Phrase grounding data
[Start of Attachment]

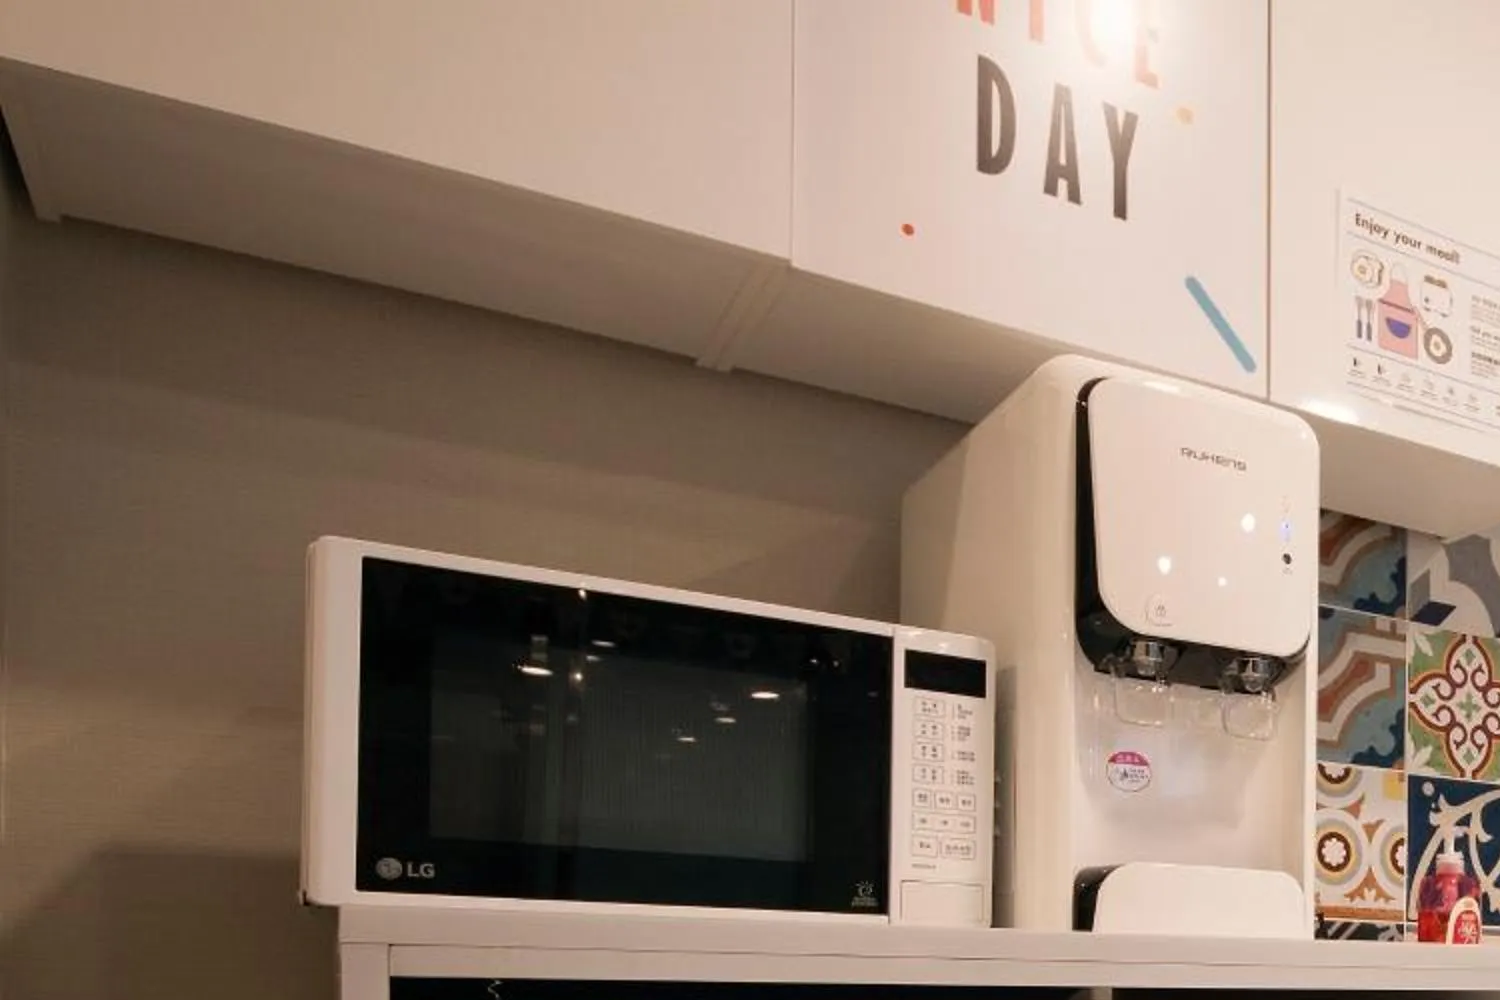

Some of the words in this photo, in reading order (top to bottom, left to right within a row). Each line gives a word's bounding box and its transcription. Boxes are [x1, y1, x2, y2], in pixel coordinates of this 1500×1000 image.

[977, 54, 1138, 221] DAY
[1355, 213, 1389, 238] Enjoy
[1394, 231, 1422, 250] your
[407, 862, 435, 878] LG
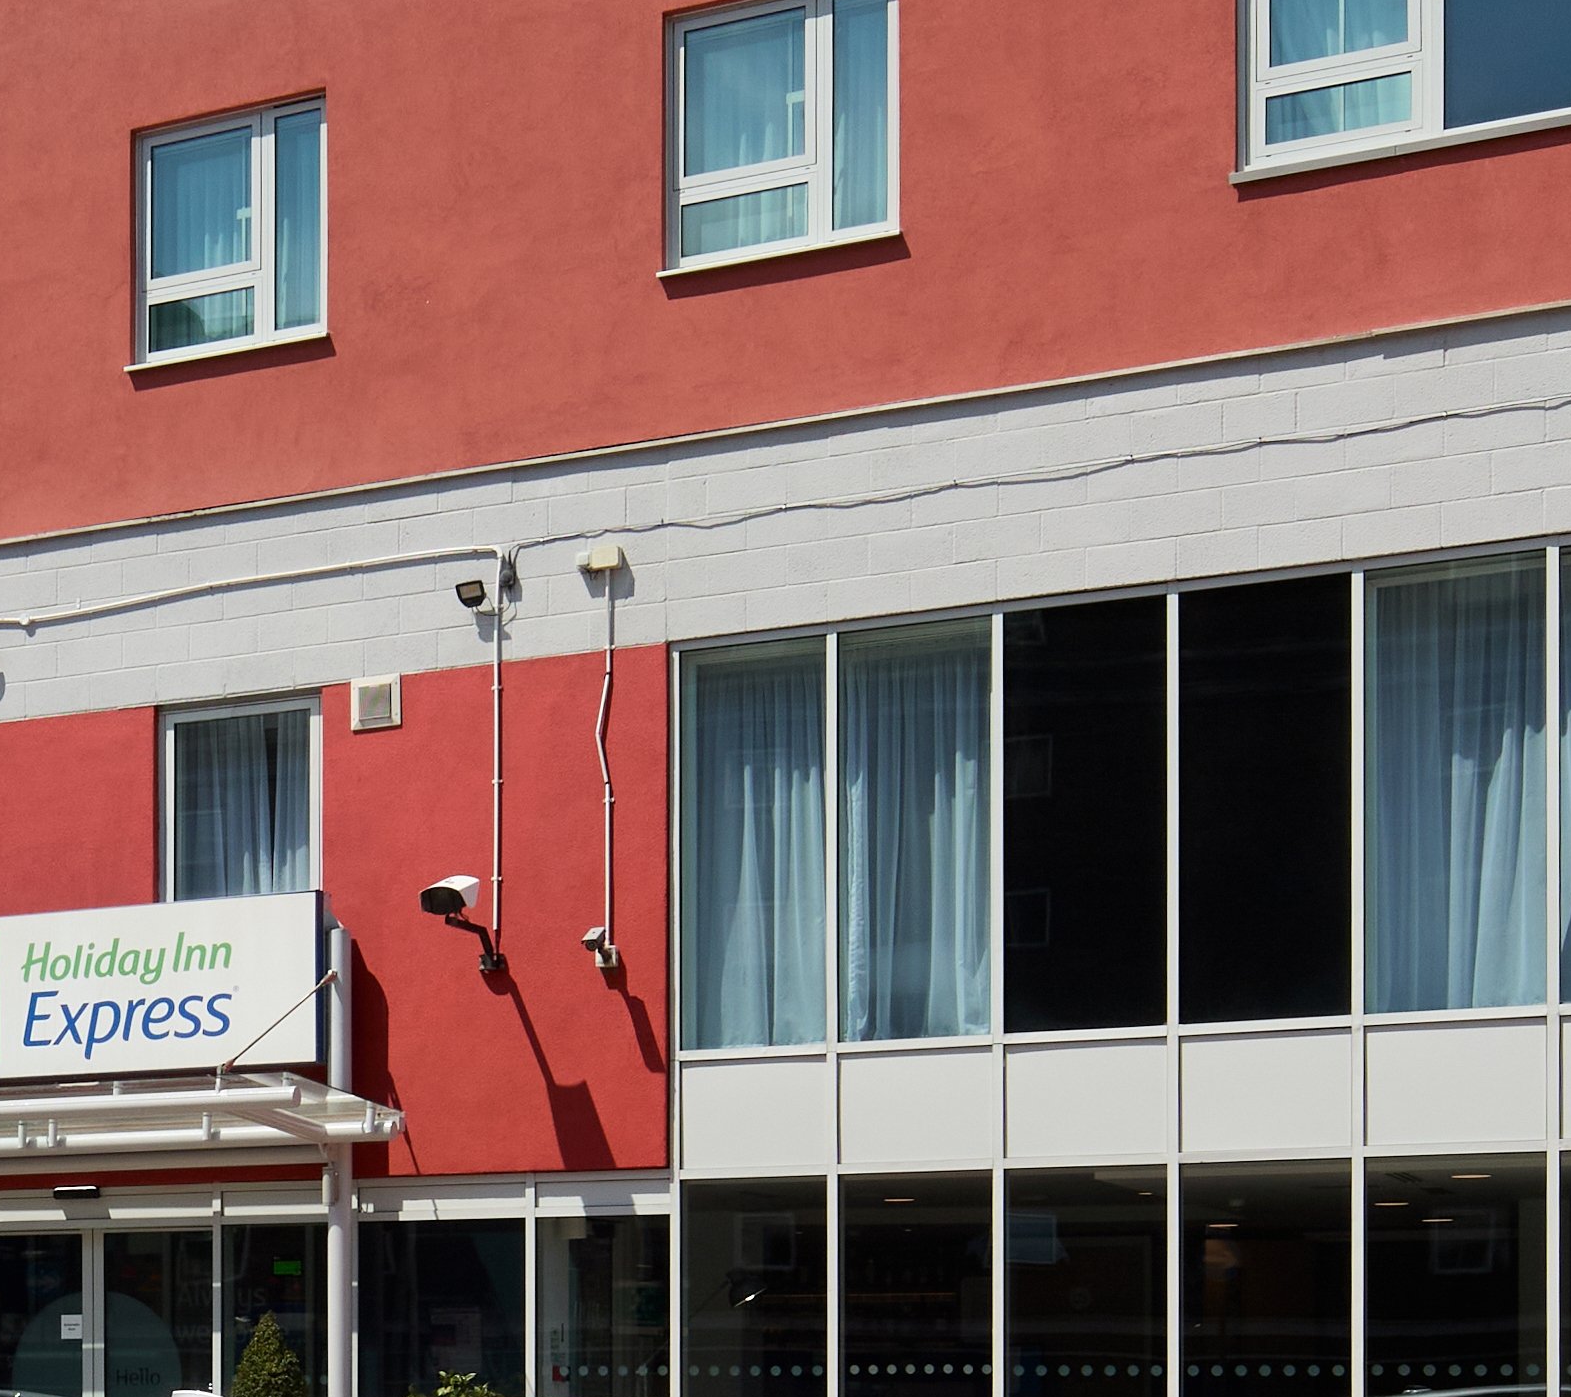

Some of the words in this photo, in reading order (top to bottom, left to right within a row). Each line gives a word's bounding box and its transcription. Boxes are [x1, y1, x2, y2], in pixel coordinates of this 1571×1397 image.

[21, 937, 166, 985] Holiday
[172, 931, 232, 973] Inn
[23, 990, 233, 1060] Express
[116, 1367, 160, 1386] Hello

[End of Attachment]

§ TASK OBJECTIVE: Please return exactly the lines that run from the line with "this 1571×1397 image." through the end of the records above, both included, and nothing more.

§ TASK RESPONSE:
Some of the words in this photo, in reading order (top to bottom, left to right within a row). Each line gives a word's bounding box and its transcription. Boxes are [x1, y1, x2, y2], in pixel coordinates of this 1571×1397 image.

[21, 937, 166, 985] Holiday
[172, 931, 232, 973] Inn
[23, 990, 233, 1060] Express
[116, 1367, 160, 1386] Hello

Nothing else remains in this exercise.